In controlling these costs, Schnell explained the potential of biomarker testing, in particular comprehensive genomic testing (CGP), which provides value to patients and all other entities involved in care delivery by measuring and documenting the presence/absence of a disease or condition through the genomics occuring in the development of cancer.
“It isn’t that cancer has changed so much, but we've developed much better diagnostic tools that are much more targeted and focused than those that were available before,” said Schnell.
“Not only do they provide diagnostic information about patients across a broad spectrum, but they also cross boundaries between sites of cancer. In essence, what I'm saying is that the genomic pattern of cancers at the moment is much more important than actually the site of the disease—genomic testing is driving therapy and also a lot of clinical research.”
Through evolving cancer care treatment from the site of cancer to the specific cancer mutation, biomarker testing promotes the use of targeted therapies that have led to marked improvements in overall survival for diseases such as lung cancer.
Compared with single-gene testing or limited panel testing, CGP assesses for hundreds to thousands of genes simultaneously, and is not as burdened by the need of repeat testing or tissue recollection that can prove harmful to the patient and be more costly.
Despite its known benefits, Schnell noted that evidence-based biomarker testing is not performed routinely. A study of patients with advanced non-small cell lung cancer indicated that only 8% of patients received testing for all genes recommended by the National Comprehensive Cancer Network.
A major barrier to uptake is the cost associated with CGP, which was prohibitively expensive when first introduced in the past decade, but continues to become more affordable as its benefits are being recognized.
With the ultimate goal being to have some comprehensive testing available for the majority of patients with advanced cancer, Schnell added that genomic profiling can also be leveraged to address disparities in health care that continue to impact minorities and underserved populations.
“We believe that CGP can provide more patient insights, improve patient outcomes, provide the framework, the foundation for patient-centered care, can at least minimize if not eliminate toxicity, can improve the quality of life, give access to new information, and reduce the overall cost of care by eliminating waste.”
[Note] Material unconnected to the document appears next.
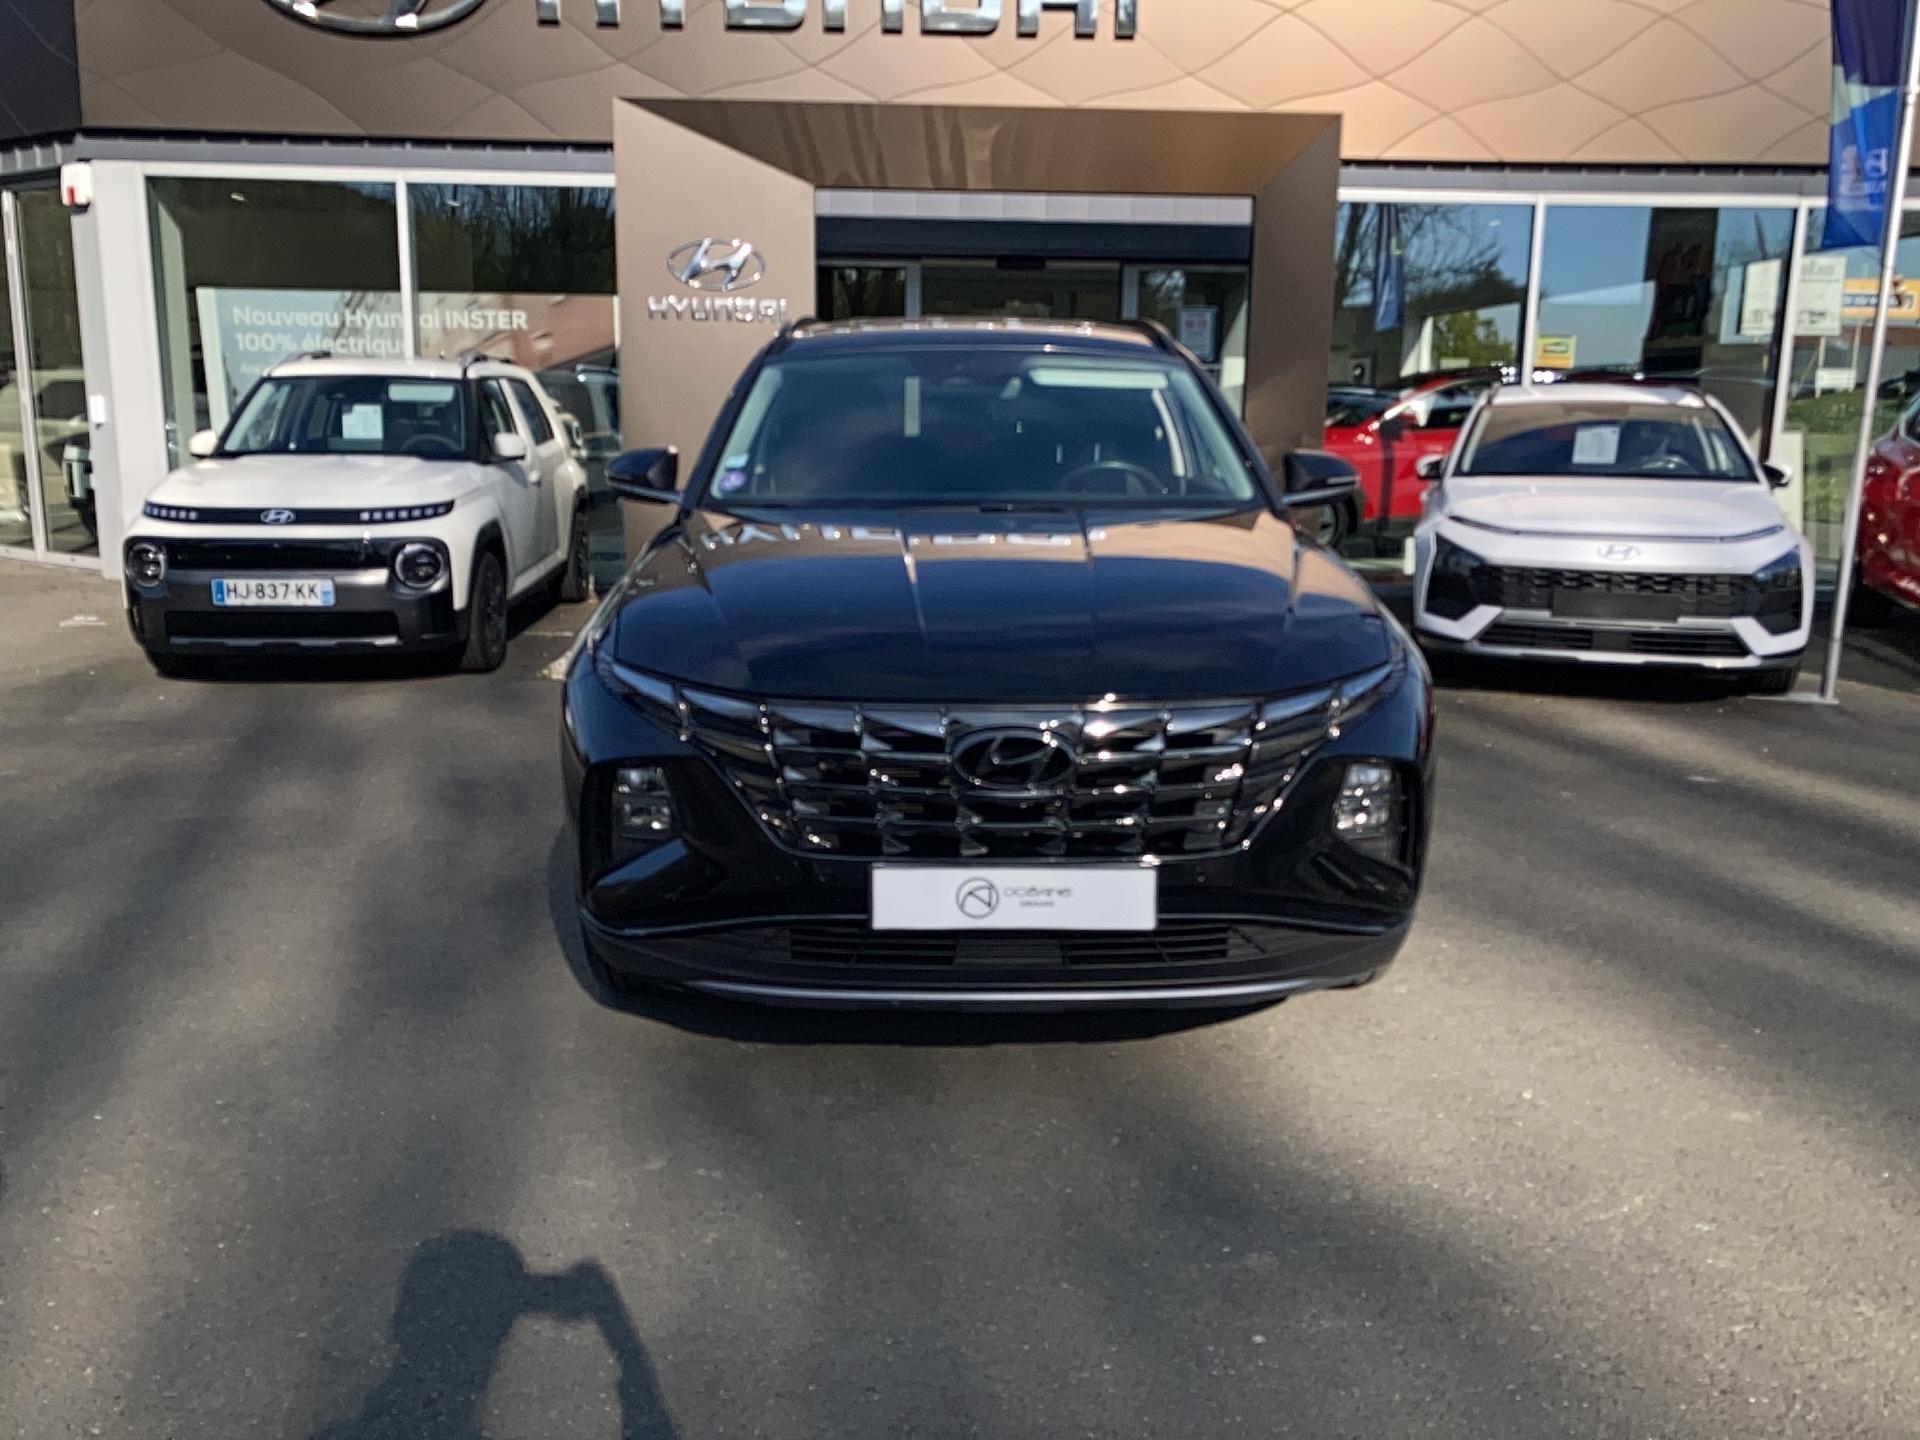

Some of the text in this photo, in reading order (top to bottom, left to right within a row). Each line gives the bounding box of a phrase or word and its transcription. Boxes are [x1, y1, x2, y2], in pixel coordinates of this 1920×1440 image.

[232, 307, 528, 330] Nouveau Hyunai INSTER
[648, 295, 786, 322] HYUNDAI
[234, 332, 296, 351] 100%
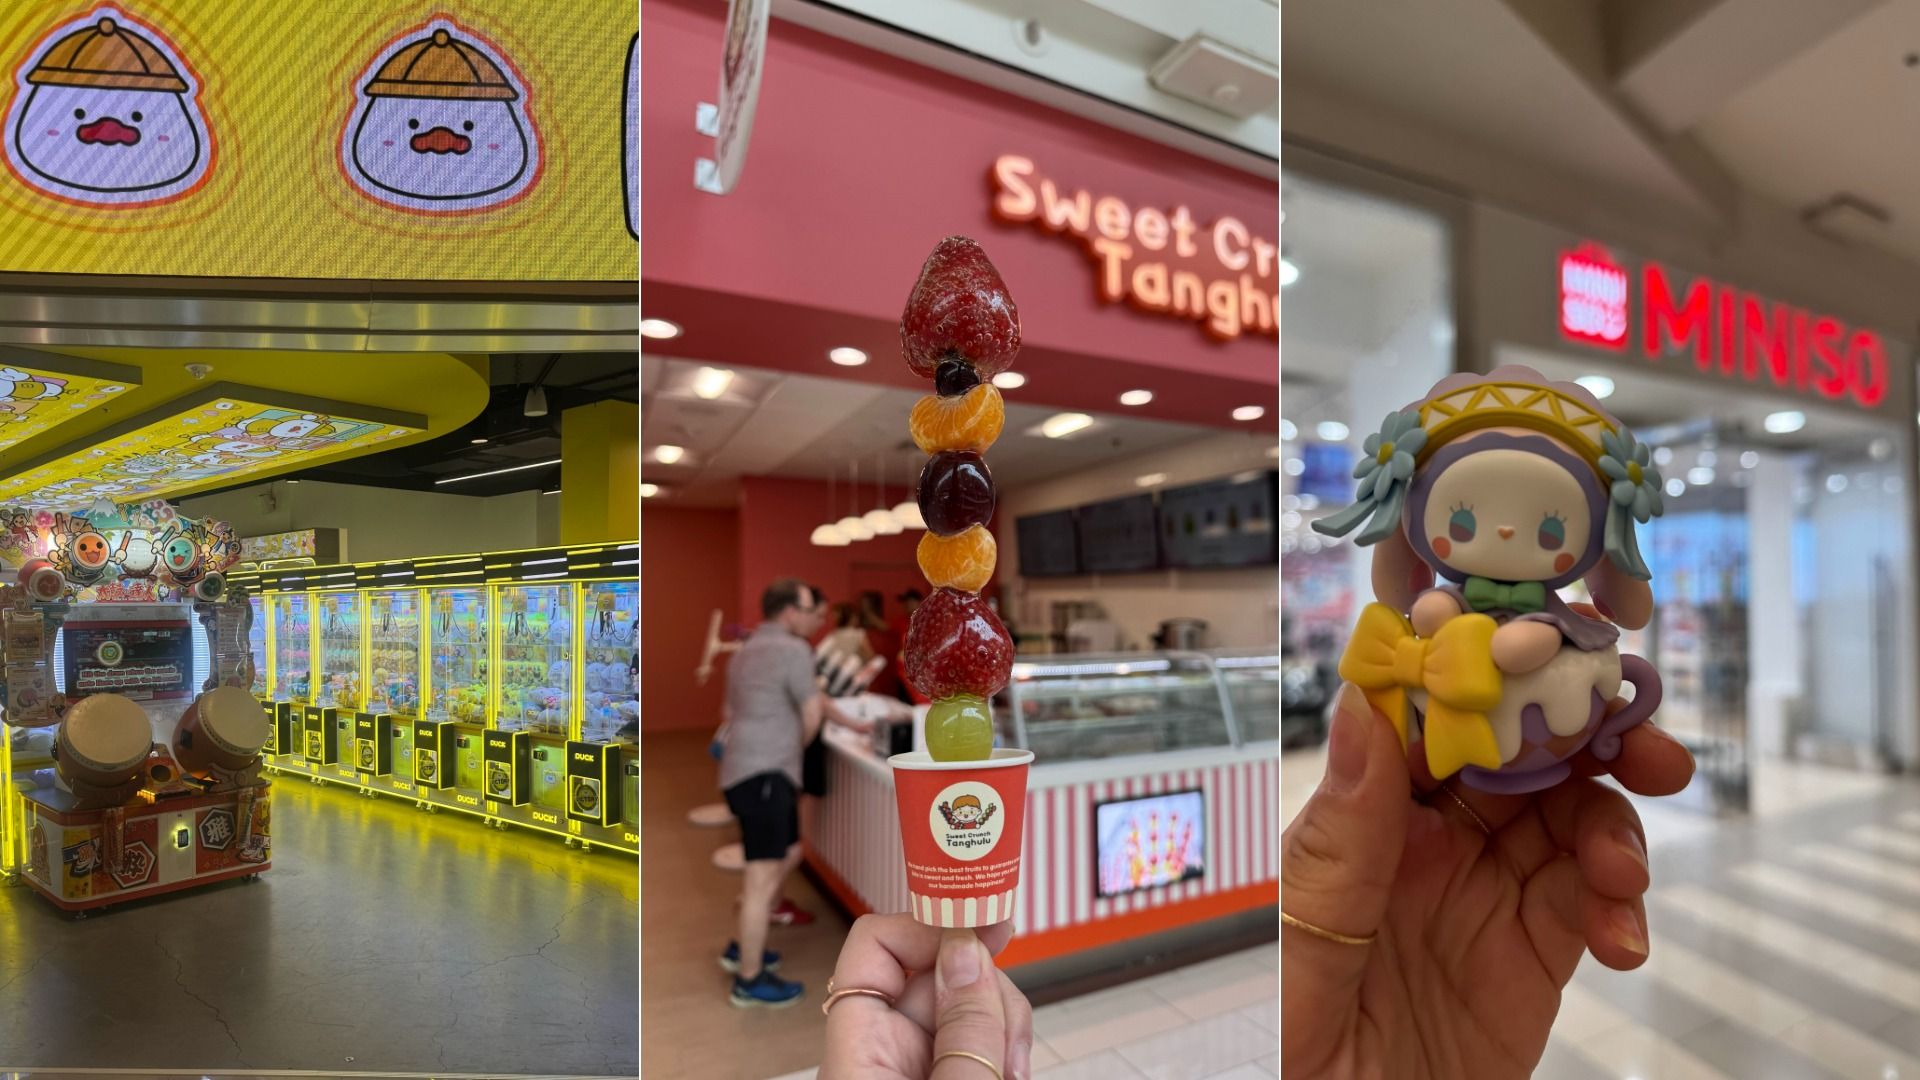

In advising employers and those involved in health benefit design, Margaret Rehayem, MA, vice president of the National Alliance of Healthcare Purchaser Coalitions, provided several preliminary recommendations for biomarker testing from her organization’s employer learning modules in oncology:
“A lot of employers are really focused on getting their workforce back on track to manage chronic conditions as a whole. That includes screenings, overall care, making sure that employees are not getting worse by particular treatment regimens, and that employees are getting those screenings when they need to best manage their disease.”
With innovation continuing to change the landscape of cancer care, Rehayem stressed for employers to take an active role and not assume their health plan is handling all aspects of care delivery appropriately.
“They need to understand whether their workforce and other covered lives are really getting the information that they need, if they are proactively reaching out, and are they getting the right treatments in place.”